**WHAT YOU WILL DO:**
An exact copy of the data is required; the images should not appear in it.

(Collected data)

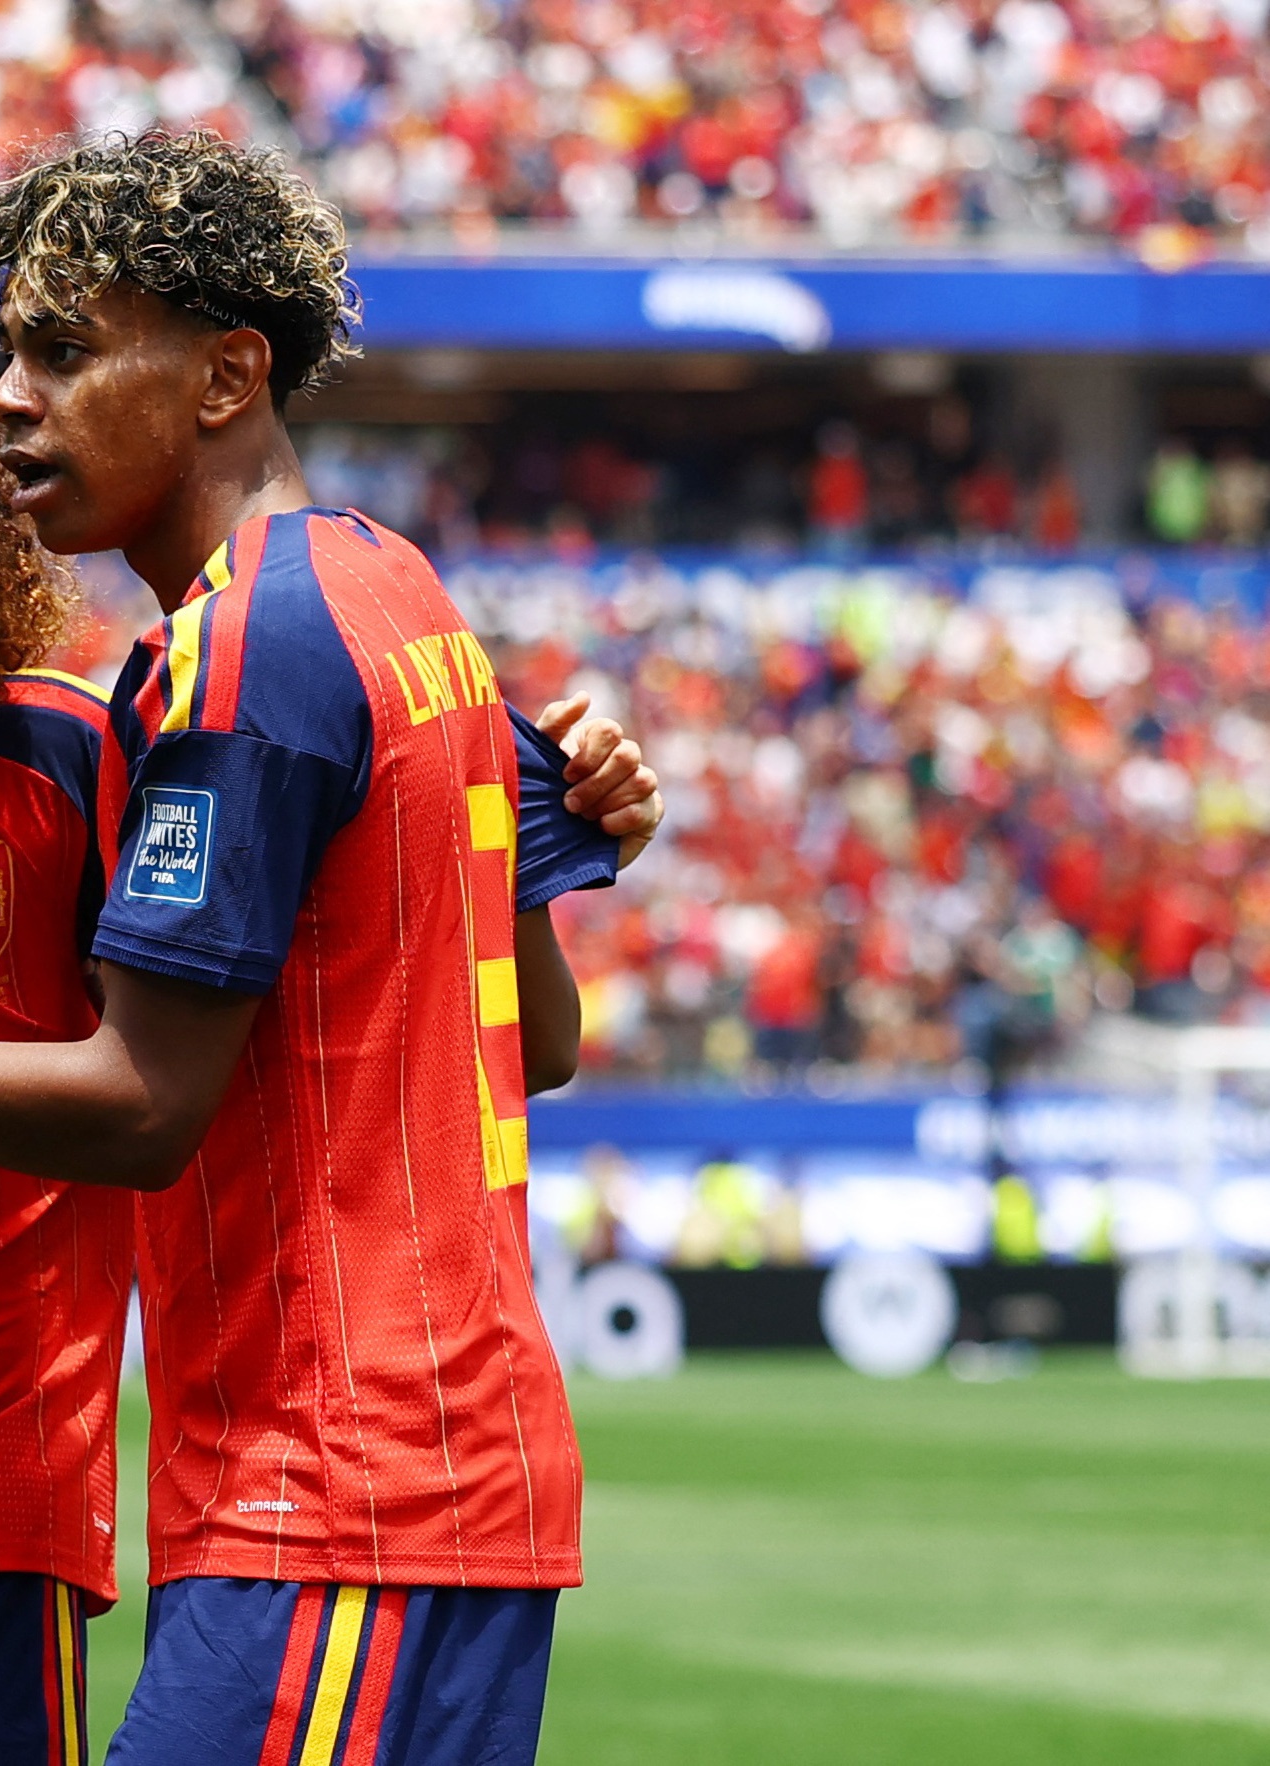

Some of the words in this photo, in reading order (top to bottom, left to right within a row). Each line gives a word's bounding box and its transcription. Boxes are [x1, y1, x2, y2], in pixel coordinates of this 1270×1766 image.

[152, 803, 197, 823] FOOTBALL
[146, 822, 197, 849] UNITES
[138, 846, 157, 866] the
[158, 849, 199, 874] World
[152, 872, 176, 884] FIFA
[237, 1500, 294, 1513] CLIMACOOL
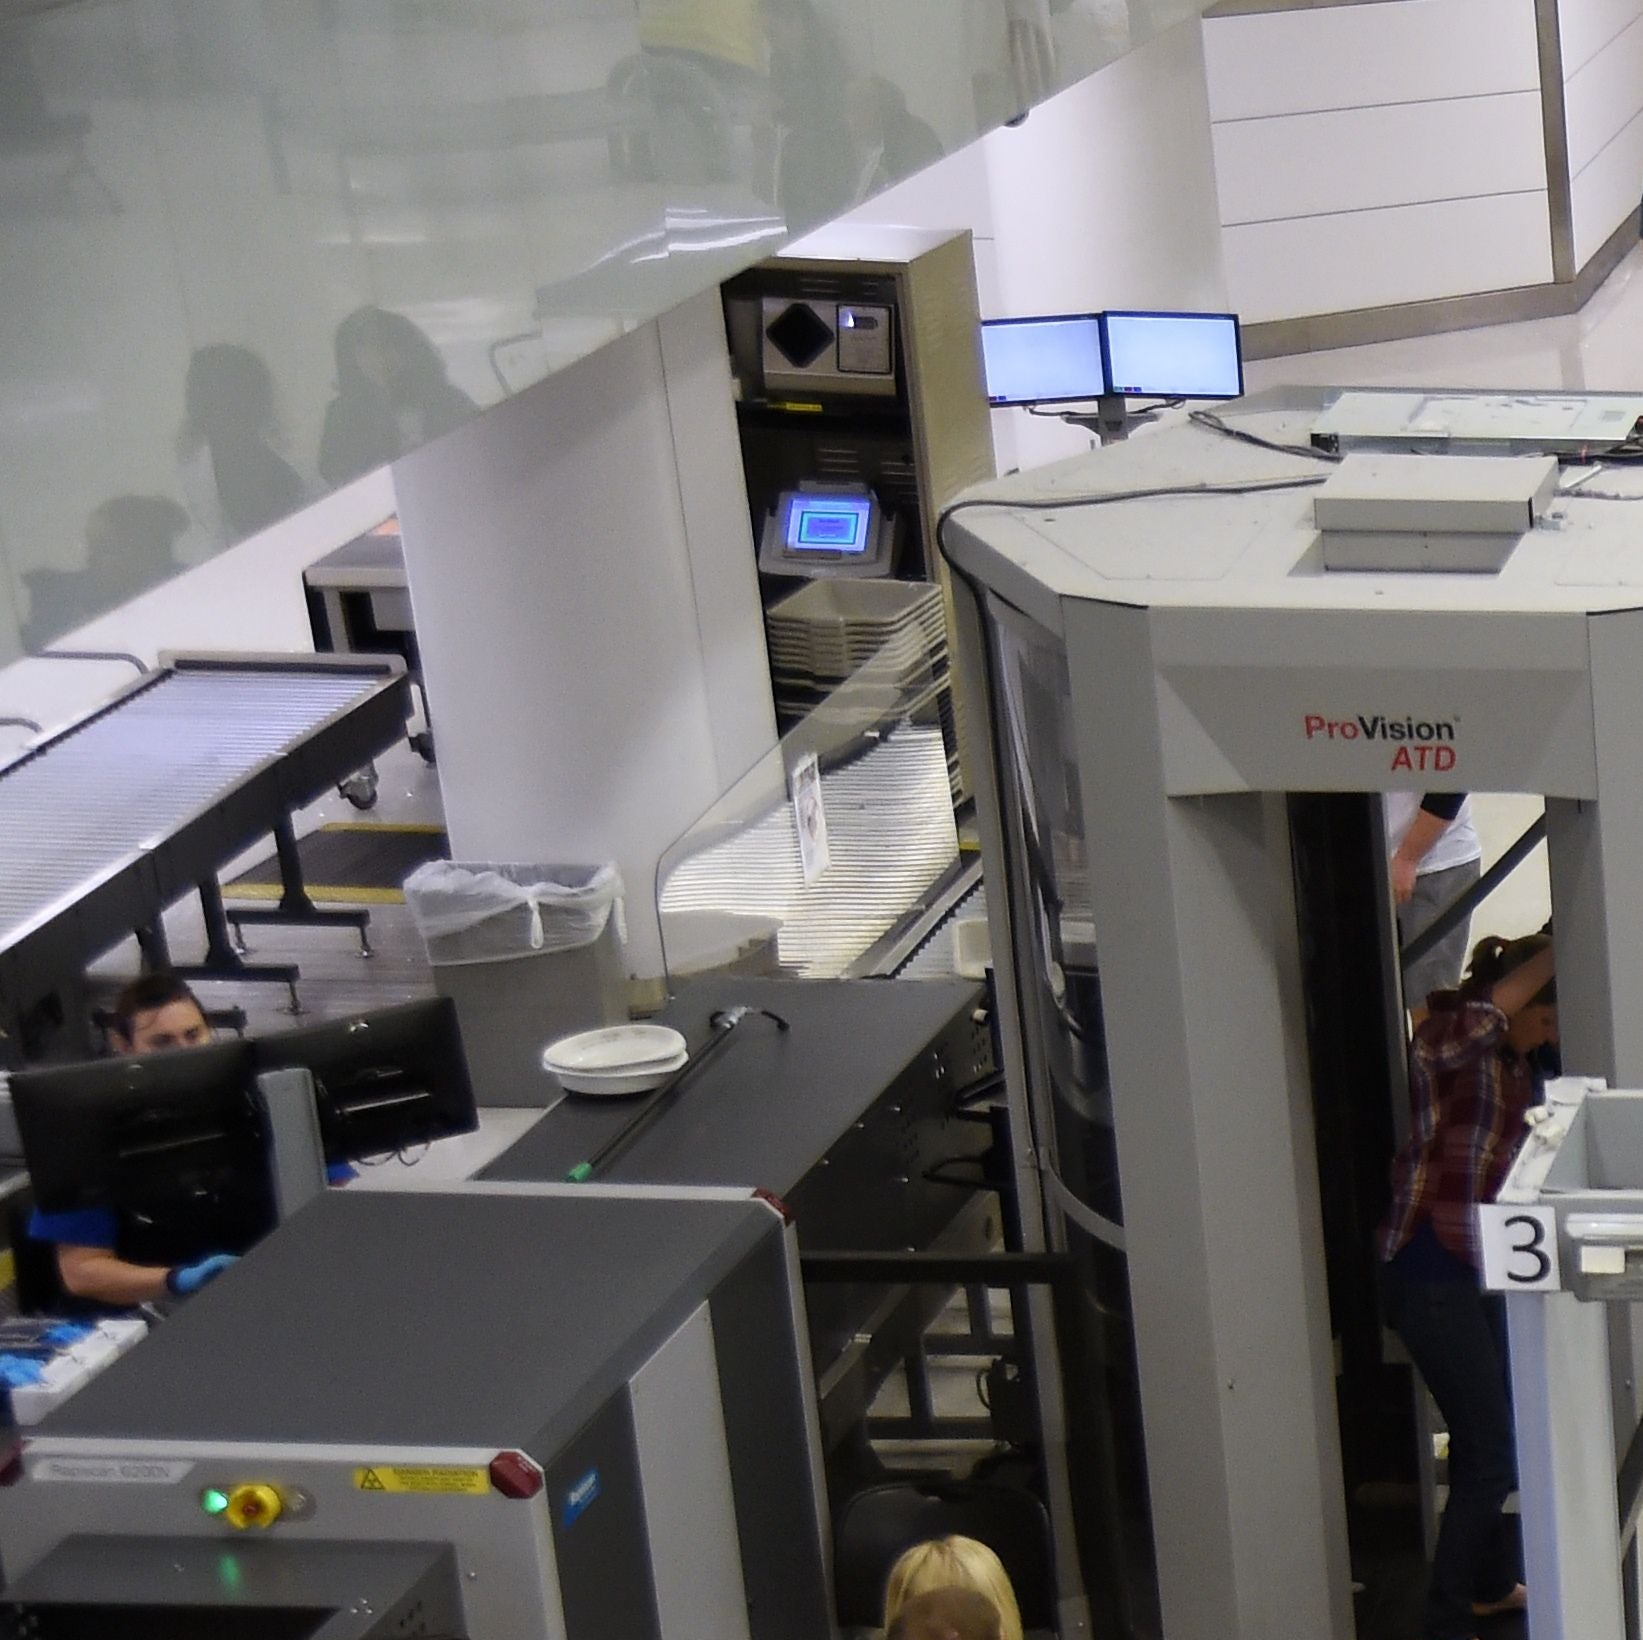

**COMPLETED TASK:**
Some of the words in this photo, in reading order (top to bottom, left to right within a row). Each line gives a word's bounding box and its transcription. Boxes are [x1, y1, x2, y2], in pixel coordinates of this 1270×1766 image.

[152, 803, 197, 823] FOOTBALL
[146, 822, 197, 849] UNITES
[138, 846, 157, 866] the
[158, 849, 199, 874] World
[152, 872, 176, 884] FIFA
[237, 1500, 294, 1513] CLIMACOOL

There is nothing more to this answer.